== Provided data ==

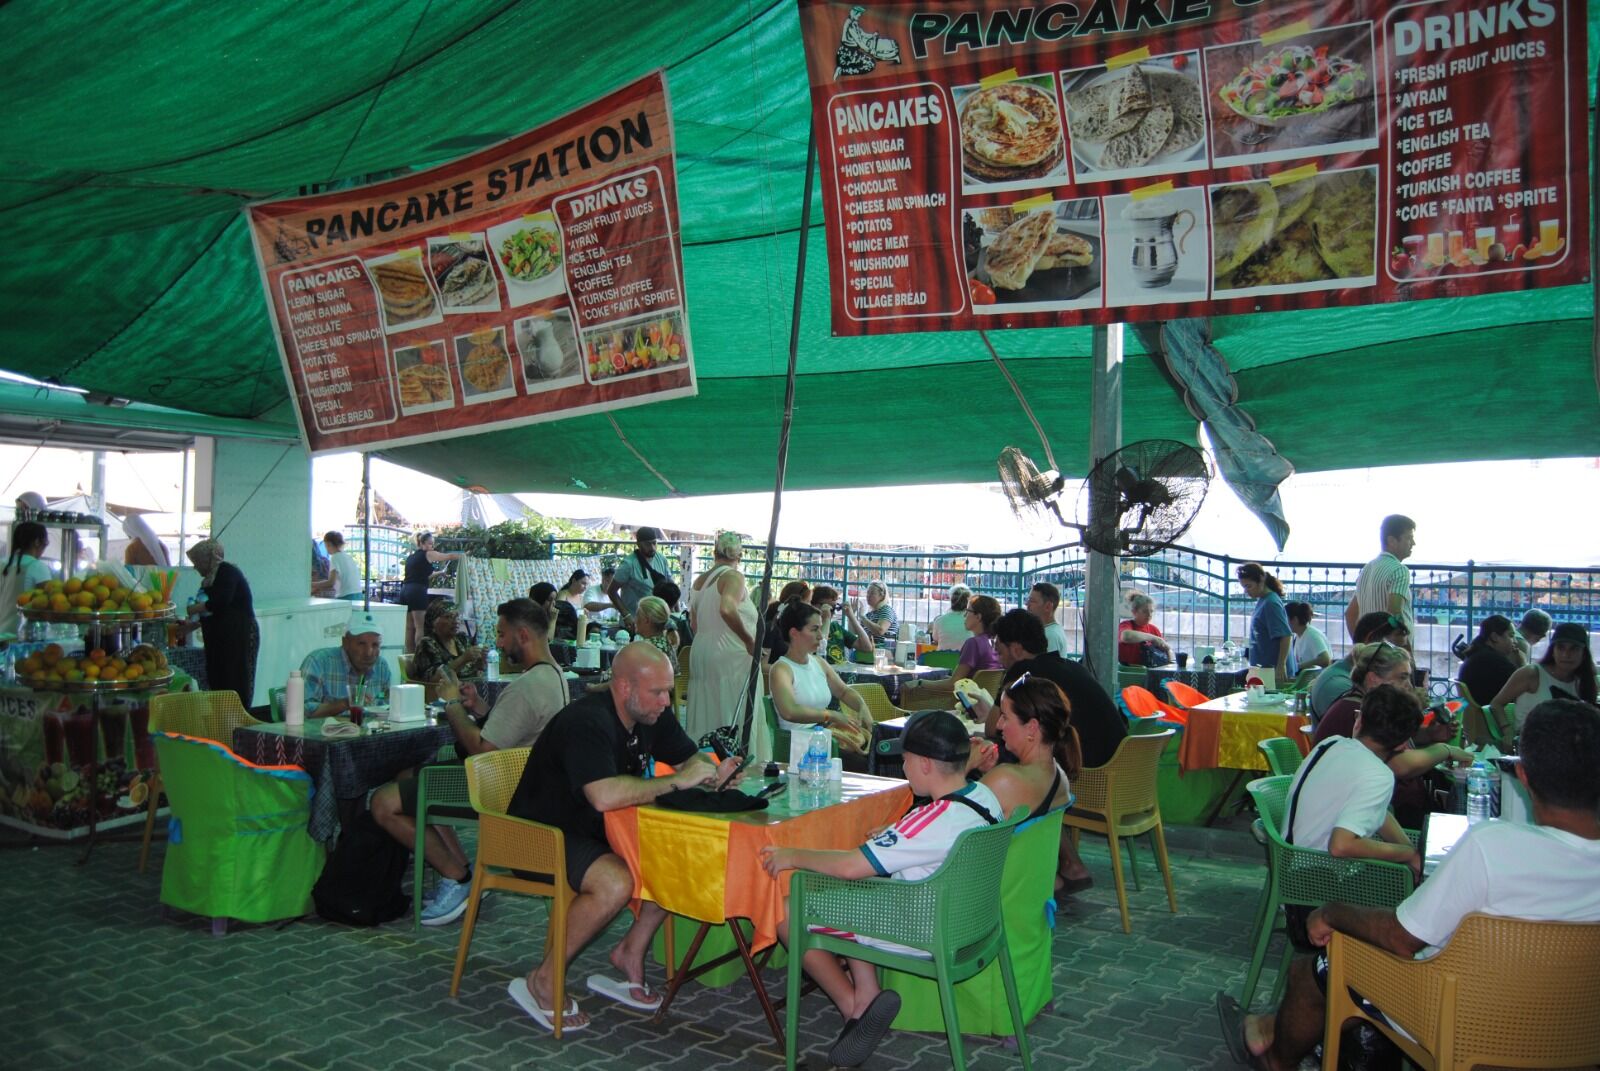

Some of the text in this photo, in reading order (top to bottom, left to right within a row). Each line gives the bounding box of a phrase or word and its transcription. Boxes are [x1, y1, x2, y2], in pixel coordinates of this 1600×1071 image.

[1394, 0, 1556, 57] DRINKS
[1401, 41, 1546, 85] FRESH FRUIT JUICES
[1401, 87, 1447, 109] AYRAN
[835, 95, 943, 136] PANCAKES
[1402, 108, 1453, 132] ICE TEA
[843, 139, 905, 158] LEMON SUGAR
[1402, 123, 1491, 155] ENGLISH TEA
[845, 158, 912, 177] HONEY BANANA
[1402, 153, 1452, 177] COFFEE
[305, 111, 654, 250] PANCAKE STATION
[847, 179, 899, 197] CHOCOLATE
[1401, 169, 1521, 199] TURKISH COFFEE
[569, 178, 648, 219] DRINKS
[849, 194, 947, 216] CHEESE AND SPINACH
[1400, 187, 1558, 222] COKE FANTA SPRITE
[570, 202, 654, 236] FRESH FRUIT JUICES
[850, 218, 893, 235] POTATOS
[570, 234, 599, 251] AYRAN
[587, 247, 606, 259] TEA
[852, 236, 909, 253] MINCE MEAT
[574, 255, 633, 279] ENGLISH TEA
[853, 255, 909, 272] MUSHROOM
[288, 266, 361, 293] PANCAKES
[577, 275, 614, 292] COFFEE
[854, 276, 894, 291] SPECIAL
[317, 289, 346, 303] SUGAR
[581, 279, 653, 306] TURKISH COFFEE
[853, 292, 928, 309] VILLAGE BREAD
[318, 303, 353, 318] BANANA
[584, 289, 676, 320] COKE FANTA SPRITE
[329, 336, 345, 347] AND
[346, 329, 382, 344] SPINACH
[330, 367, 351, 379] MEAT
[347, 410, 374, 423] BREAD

===

■ Work request
Drop the images and repeat the data exactly.

■ Your response
Some of the text in this photo, in reading order (top to bottom, left to right within a row). Each line gives the bounding box of a phrase or word and its transcription. Boxes are [x1, y1, x2, y2], in pixel coordinates of this 1600×1071 image.

[1394, 0, 1556, 57] DRINKS
[1401, 41, 1546, 85] FRESH FRUIT JUICES
[1401, 87, 1447, 109] AYRAN
[835, 95, 943, 136] PANCAKES
[1402, 108, 1453, 132] ICE TEA
[843, 139, 905, 158] LEMON SUGAR
[1402, 123, 1491, 155] ENGLISH TEA
[845, 158, 912, 177] HONEY BANANA
[1402, 153, 1452, 177] COFFEE
[305, 111, 654, 250] PANCAKE STATION
[847, 179, 899, 197] CHOCOLATE
[1401, 169, 1521, 199] TURKISH COFFEE
[569, 178, 648, 219] DRINKS
[849, 194, 947, 216] CHEESE AND SPINACH
[1400, 187, 1558, 222] COKE FANTA SPRITE
[570, 202, 654, 236] FRESH FRUIT JUICES
[850, 218, 893, 235] POTATOS
[570, 234, 599, 251] AYRAN
[587, 247, 606, 259] TEA
[852, 236, 909, 253] MINCE MEAT
[574, 255, 633, 279] ENGLISH TEA
[853, 255, 909, 272] MUSHROOM
[288, 266, 361, 293] PANCAKES
[577, 275, 614, 292] COFFEE
[854, 276, 894, 291] SPECIAL
[317, 289, 346, 303] SUGAR
[581, 279, 653, 306] TURKISH COFFEE
[853, 292, 928, 309] VILLAGE BREAD
[318, 303, 353, 318] BANANA
[584, 289, 676, 320] COKE FANTA SPRITE
[329, 336, 345, 347] AND
[346, 329, 382, 344] SPINACH
[330, 367, 351, 379] MEAT
[347, 410, 374, 423] BREAD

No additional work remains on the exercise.